The 49ers have been running the zone read throughout Shanahan’s tenure, however, the quarterback keep was never really an option with the previous quarterbacks that have been on the roster.

This article has 8 Comments

  1. Jack: Thank you for the informative article. You have given me a few things to watch for as the game progresses.

    I would like to offer two other thoughts regarding Lance as the Niners quarterback. First, he is still erratic as a passer, and I expect the scheme will involve short passes that don’t require him to read the defense. Second, a critical element of Lance as a runner is the offensive line, which has been less than stellar so far. He can certainly do a lot on his own, but the line providing openings will be fundamental to success.

  2. Thanks for those examples Jack, fantastic stuff.

    The Athletic did a piece on this exact subject back in July, titled “What option concepts Kyle Shanahan might use to take advantage of 49ers rookie Trey Lance’s abilities”

    I’ve expressed my concerns about the way in which Kyle is attempting to develop Lance, and I’ve used RG3’s rookie season as an example, but apparently this concept is a little too advanced for some of your readers. I don’t think they understand that Robert Griffin III entered the NFL extremely raw in terms of NFL passing concepts. I don’t think they are aware of Baylor’s Veer and Shoot offense, which is a variation of the Run and Shoot, that RG3 came out of. However, Kyle was aware, and Kyle understood who RG3 was as a QB coming out of Baylor. He understood that the Veer and Shoot leaned almost exclusively on the concept of option-routes for the wide receivers, which was derived from the run and shoot offense, and developed alongside the spread-option run style for the quarterbacks, running backs, and offensive line.

    What your readers probably don’t know, because it wasn’t well known back then, is that the Redskins originally planned to draft both RG3, and Russell Wilson, two mobile QB’s with similar skillsets. We know now that Wilson was the superior pocket passer, but back then, Kyle wanted to build an offense around RG3’s skillset, so naturally it would make sense that they would prefer similar style young QB’s. That didn’t end up happening, but Kyle stuck to the plan of crafting an offense specific to RG3 …. and the results were absolutely spectacular. RG3 took the Redskins to the postseason, and he was named Offensive Player Of The Year as a rookie, and made the Pro Bowl.

    Most people credited the Shanahan’s for designing a system that played directly into the strengths of RG3, while taking the focus away from his shortcomings in the process. The Redskins weren’t afraid to go all in on RG3 during his rookie season, and the results speak for themselves. This year, Kyle is taking a very different approach to his prized rookie QB’s development. Kyle did not go all in on Trey Lance, instead opting to ride a very different style starting QB in order to win now. I guess we’ll have watch and see how it plays out, but so far, the early signs are not promising!

    1. The Shanahans never wanted to draft RG3. They were forever to draft him and start him by the owner.
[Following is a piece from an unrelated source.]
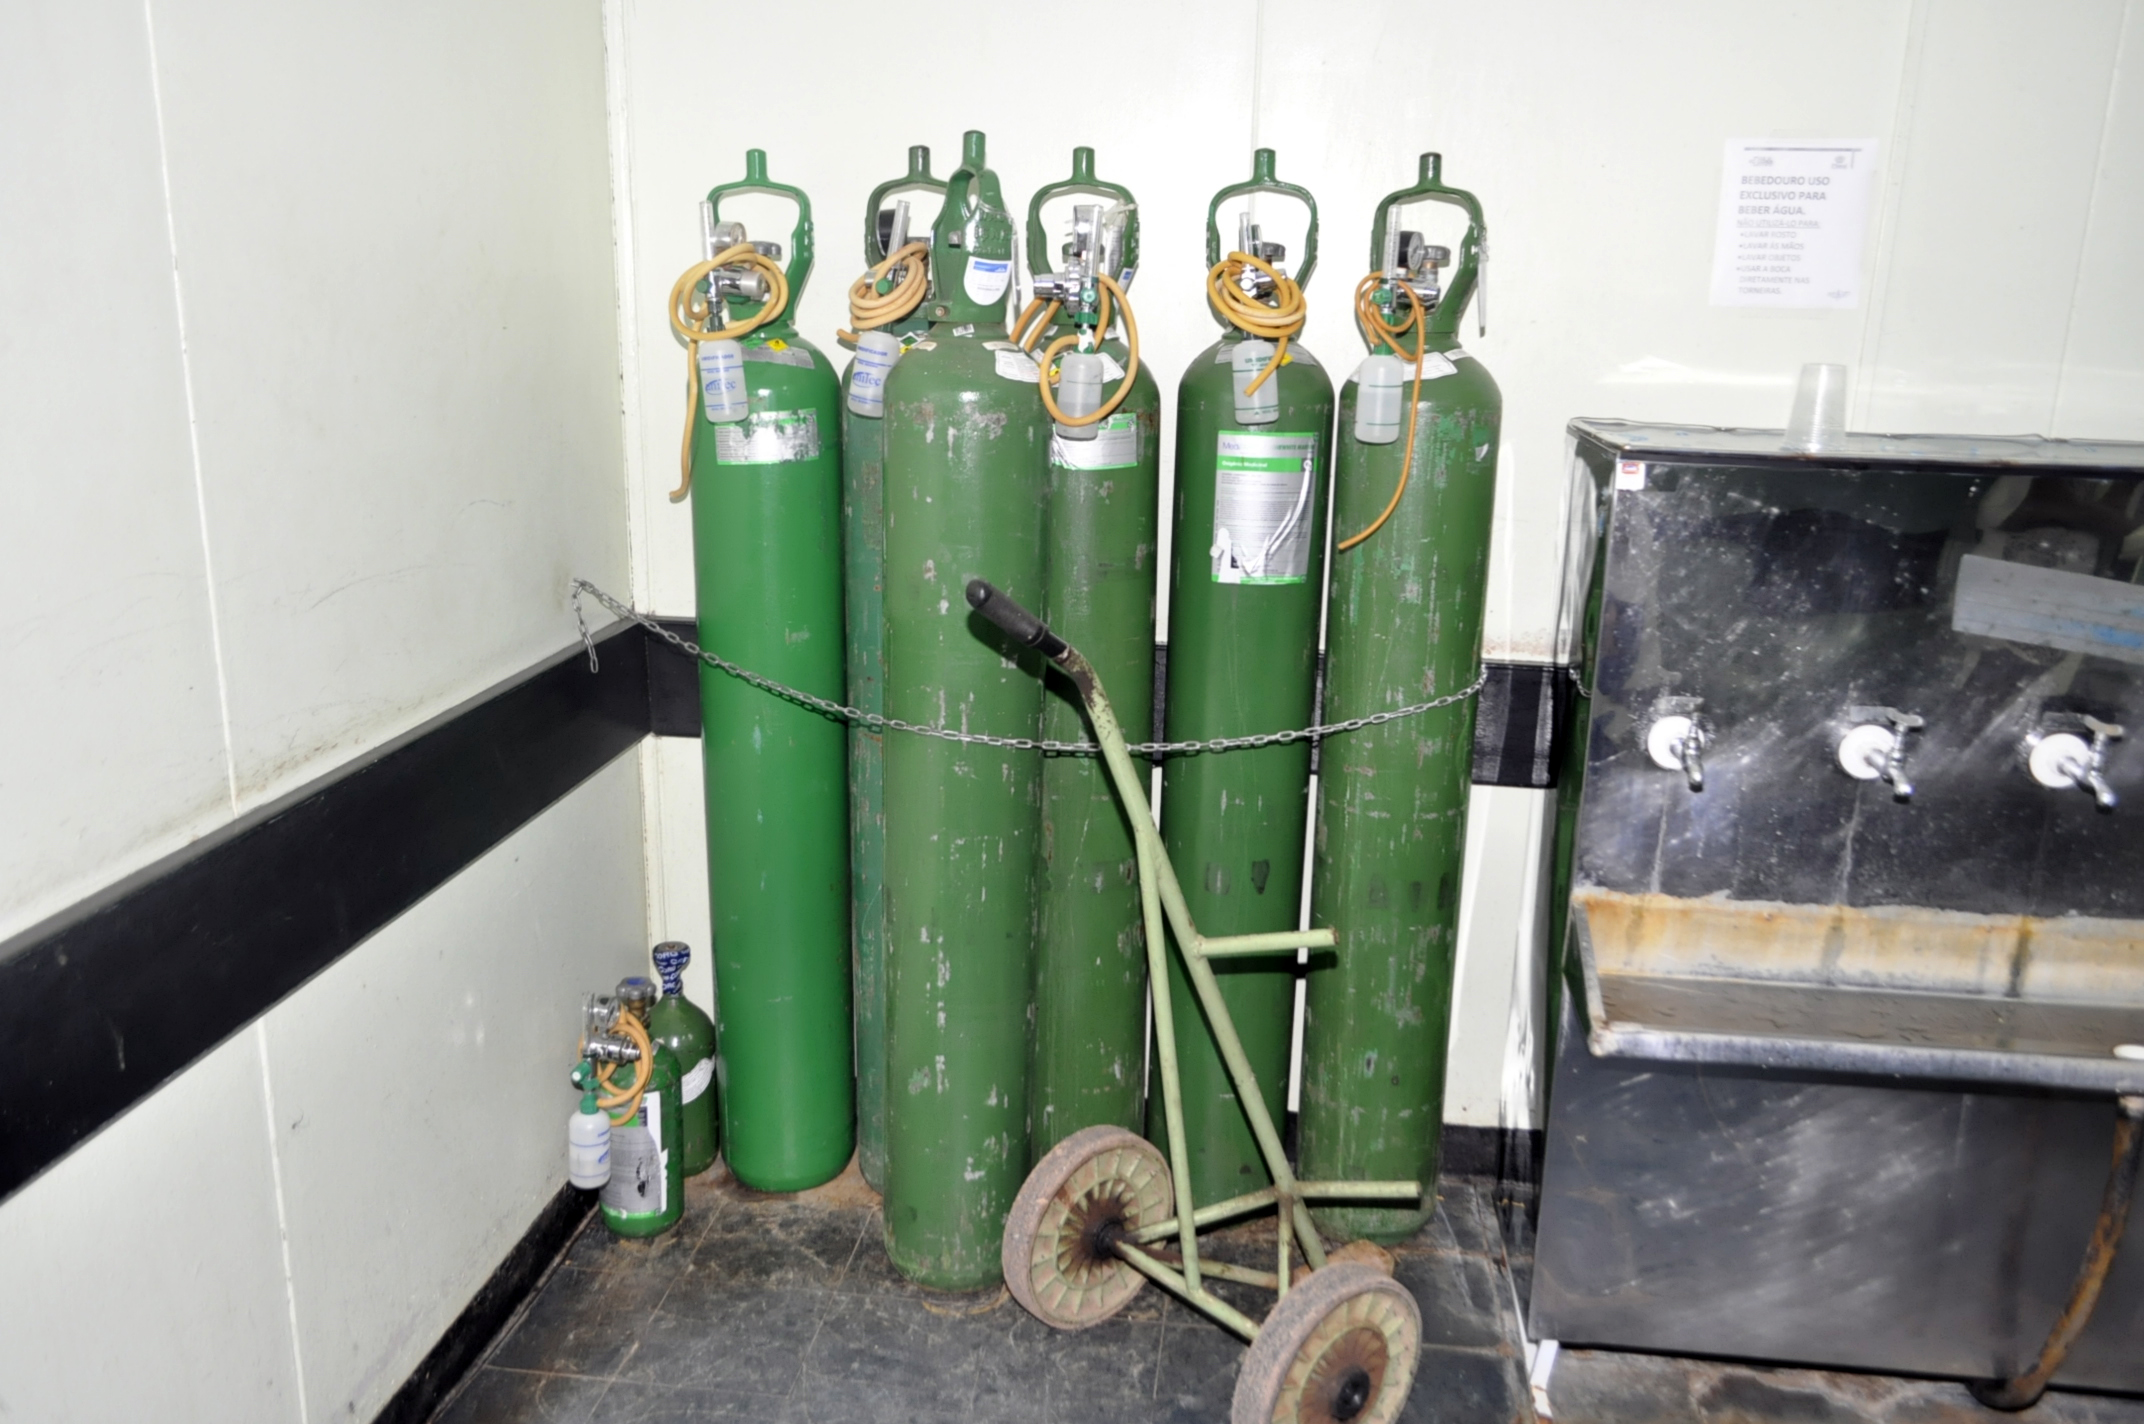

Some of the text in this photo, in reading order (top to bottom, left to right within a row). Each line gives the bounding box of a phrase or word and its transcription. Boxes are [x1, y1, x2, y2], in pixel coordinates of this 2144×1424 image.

Mike wanted to draft Wilson in the 4th but he went in the 3rd so Kyle got his wish and they drafted Cousins.

      The problem with RG3 and Kaepernick is that once teams figured out how to defend their running game, they had to be pocket passers and they weren’t. It has no relationship to Trey. Kyle wanted Trey and he had Jimmy so he could develop Trey, the right way.

  3. It is official. Lance is starting this Sunday! Playing a div rival that is still undefeated on the road is probably the least ideal place to start an inexperience rookie. We are going to have a good idea of the mental toughness of this kid. I am interested on how is he going to handle the ups and downs of the game. And there will be a lot of it!